5. The Commission, however, allowed DTH-FSS licensees to delegate
their EAS obligations to the video programming distributors that lease
capacity on their satellites. Specifically, the Commission stated that
``compliance with EAS requirements may be established based upon a
certification from a [video programming] distributor that expressly
states that the distributor has complied with the EAS obligations.''
The Commission added that the DTH-FSS licensees ``will not be required
to verify compliance by distributors unless there is evidence that the
distributor has not met its obligation.'' The Commission concluded that
placing ultimate compliance responsibility on the DTH-FSS licensees
under this scheme was not unduly burdensome because the ``certification
requirements can be included in satellite carriage and leasing
contracts,'' and because it was similar to the certification scheme
adopted for FSS Part 25 licensees to meet their DBS public interest
obligations.
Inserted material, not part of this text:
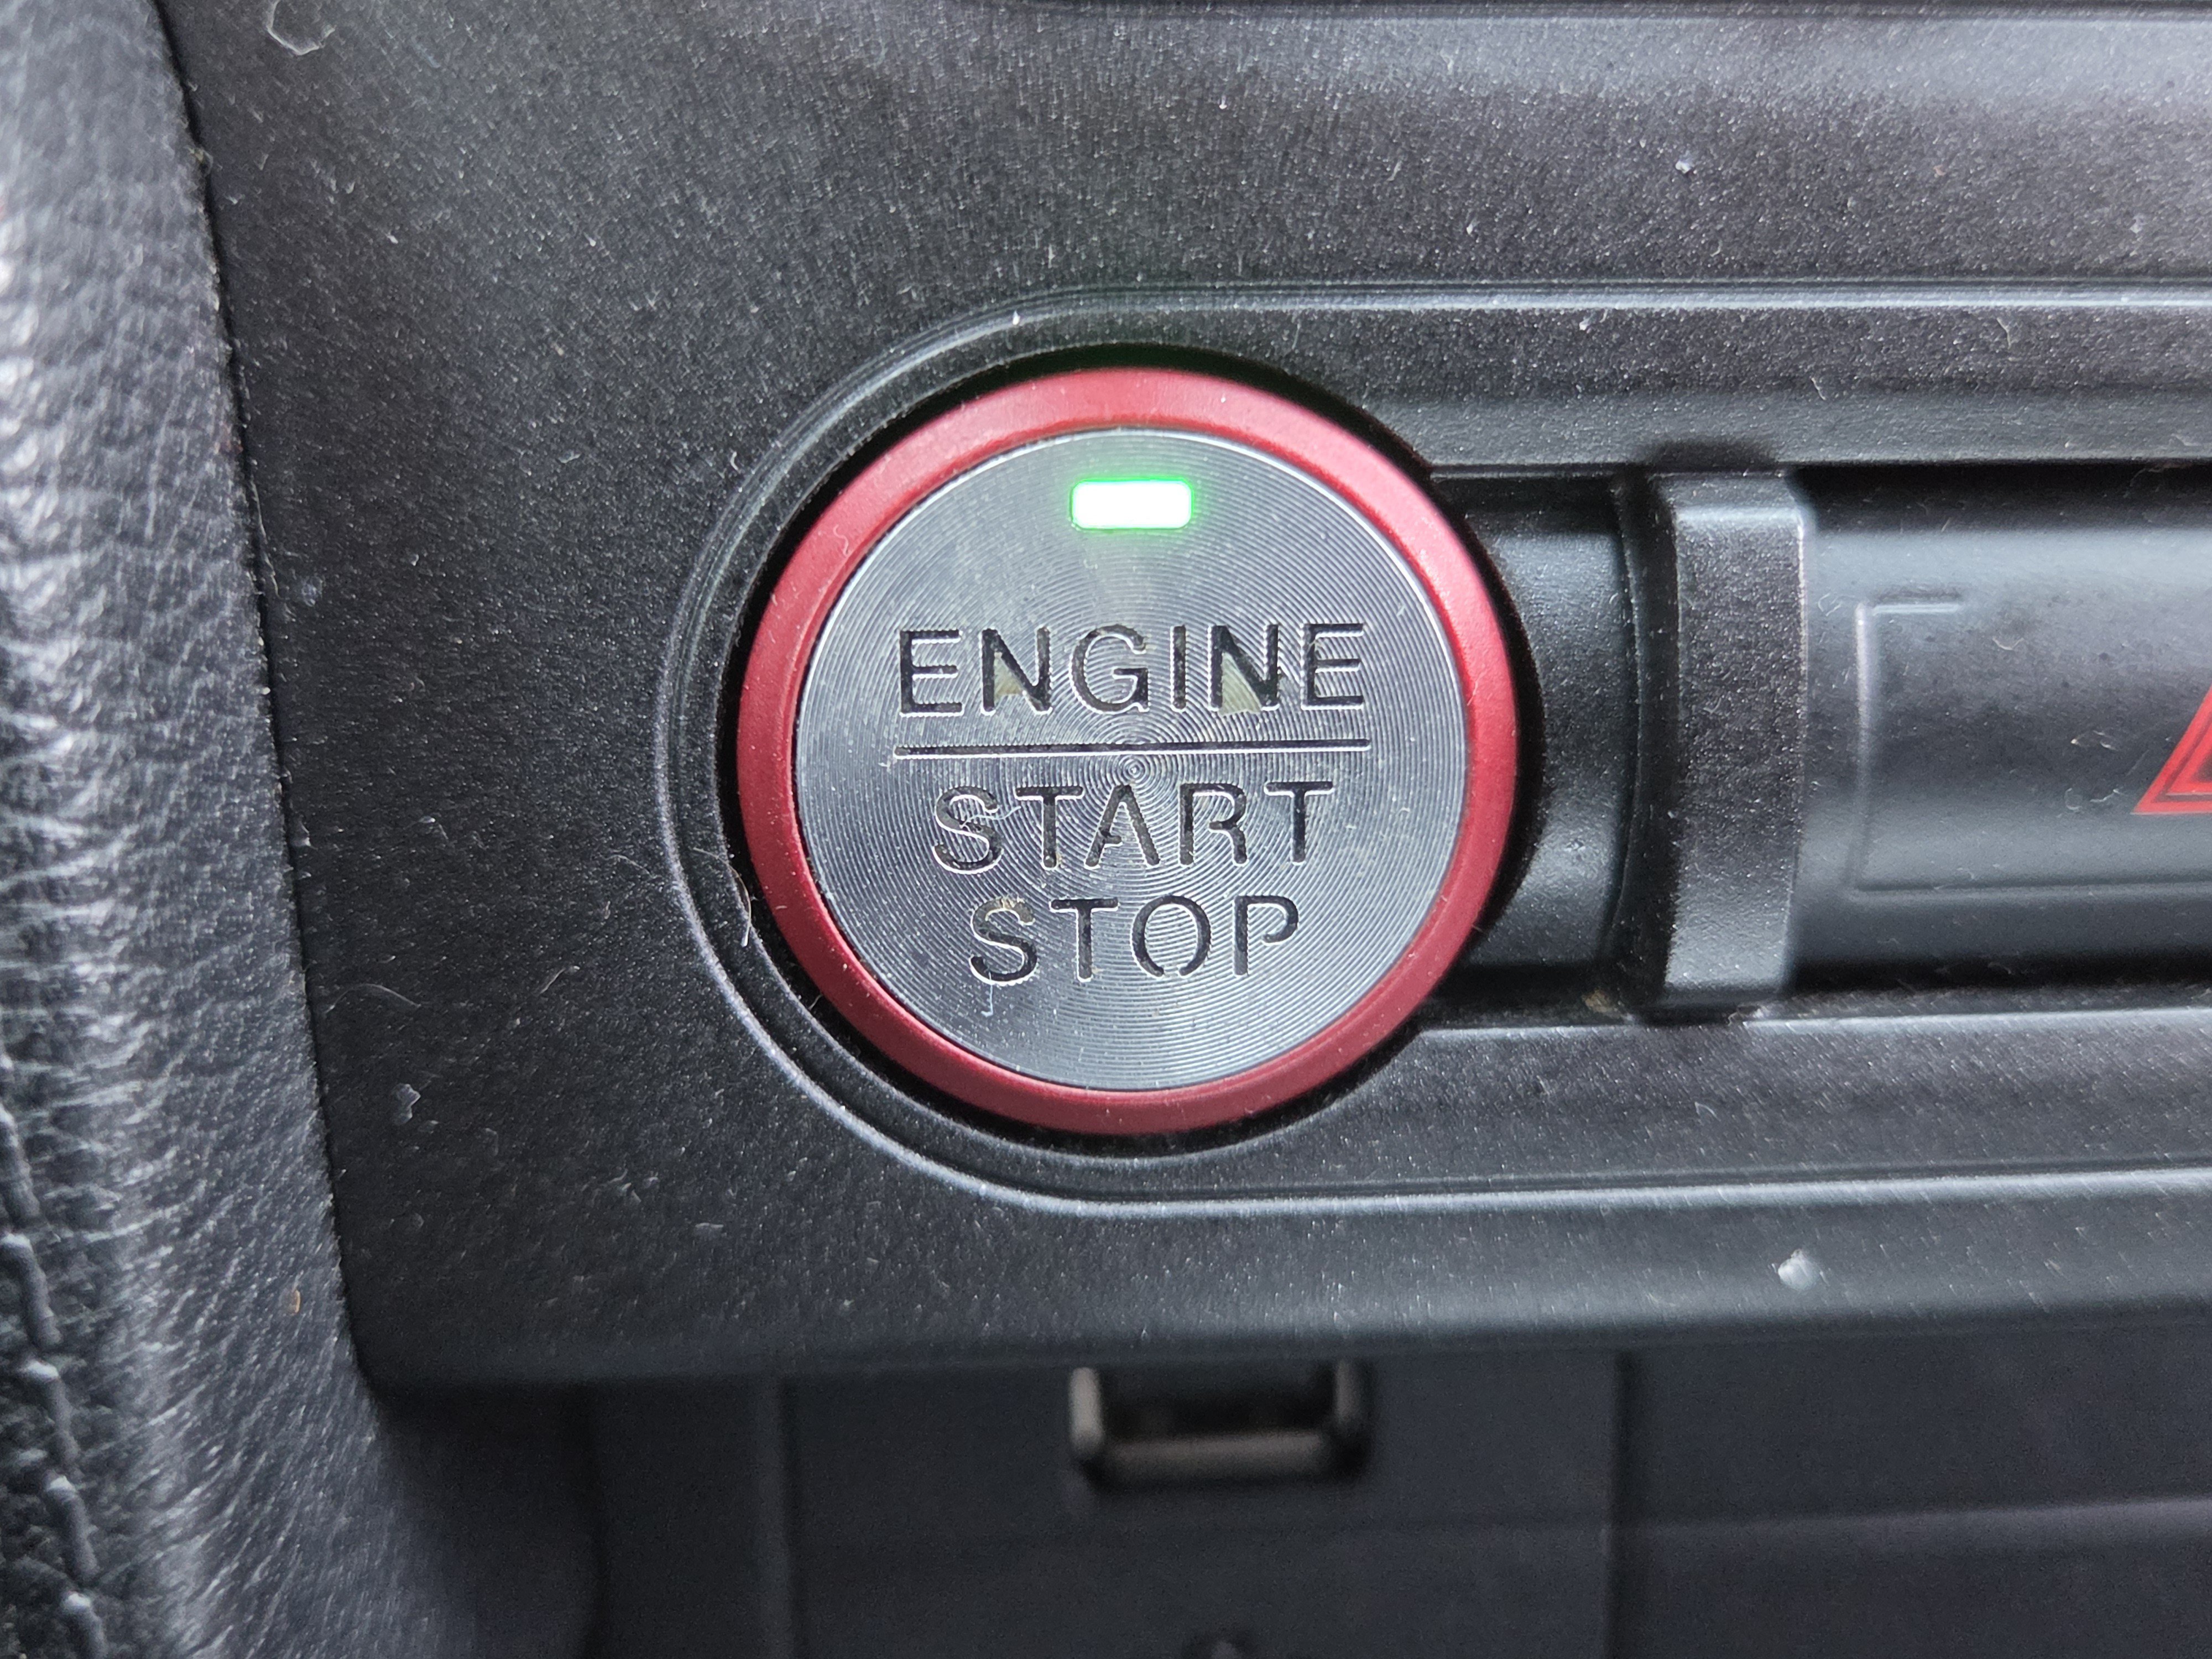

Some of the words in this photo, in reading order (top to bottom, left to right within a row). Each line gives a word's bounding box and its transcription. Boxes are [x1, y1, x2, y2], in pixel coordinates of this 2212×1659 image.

The Commission declined to apply EAS obligations to Home
Satellite Dish (HSD) service, which also falls under the Commission's
DTH jurisdiction.
C. The Petition
6. The Petitioners state that they ``support the application of the
EAS requirements to DTH-FSS services,'' but seek reconsideration of
three aspects of the Commission's decision adopting such requirements.
First, the Petition requests that the Commission modify the FSS EAS
requirements adopted in the First Report and Order by applying
[[Page 42604]]
them directly to the video programming distributors that lease
transponder capacity from the DTH-FSS licensees instead of applying
them to the DTH-FSS licensees themselves. Second, in the alternative,
the Petition requests that the Commission not apply the FSS EAS rules
to satellite transponder(s) that were subject to pre-existing satellite
capacity lease agreements already in place when the FSS EAS
requirements became effective. Third, the Petition requests that the
Commission ``provide an exemption from the EAS requirements for DTH-FSS
services that are directed primarily to consumers outside the United
States but also are made available to consumers in the United States.''
7. With respect to their contention that responsibility for EAS
compliance should be shifted from the DTH-FSS licensees to their lessee
video programming distributors, Petitioners argue that, for all other
services, the EAS rules apply to ``the entity that delivers programming
to the consumer and therefore is in a position to substitute emergency
messages when the EAS system is activated.'' Petitioners contend that
``[i]n the case of broadcast services, for example, the requirements
apply to the stations that transmit programming to consumers' radio and
television receivers.'' Petitioners contend that the Commission did not
explain why it departed from this approach in the DTH-FSS case.
Petitioners argue that DTH-FSS programming distributors are best
situated to comply with the FSS EAS requirements because they are the
entities that generate and control the program content that is
delivered via the satellite. Petitioners also liken their situation to
the HSD providers exempted from EAS obligations in the First Report and
Order in that, like HSD providers, DTH-FSS licensees do not control the
programming that is transmitted over the satellite to HSD consumers.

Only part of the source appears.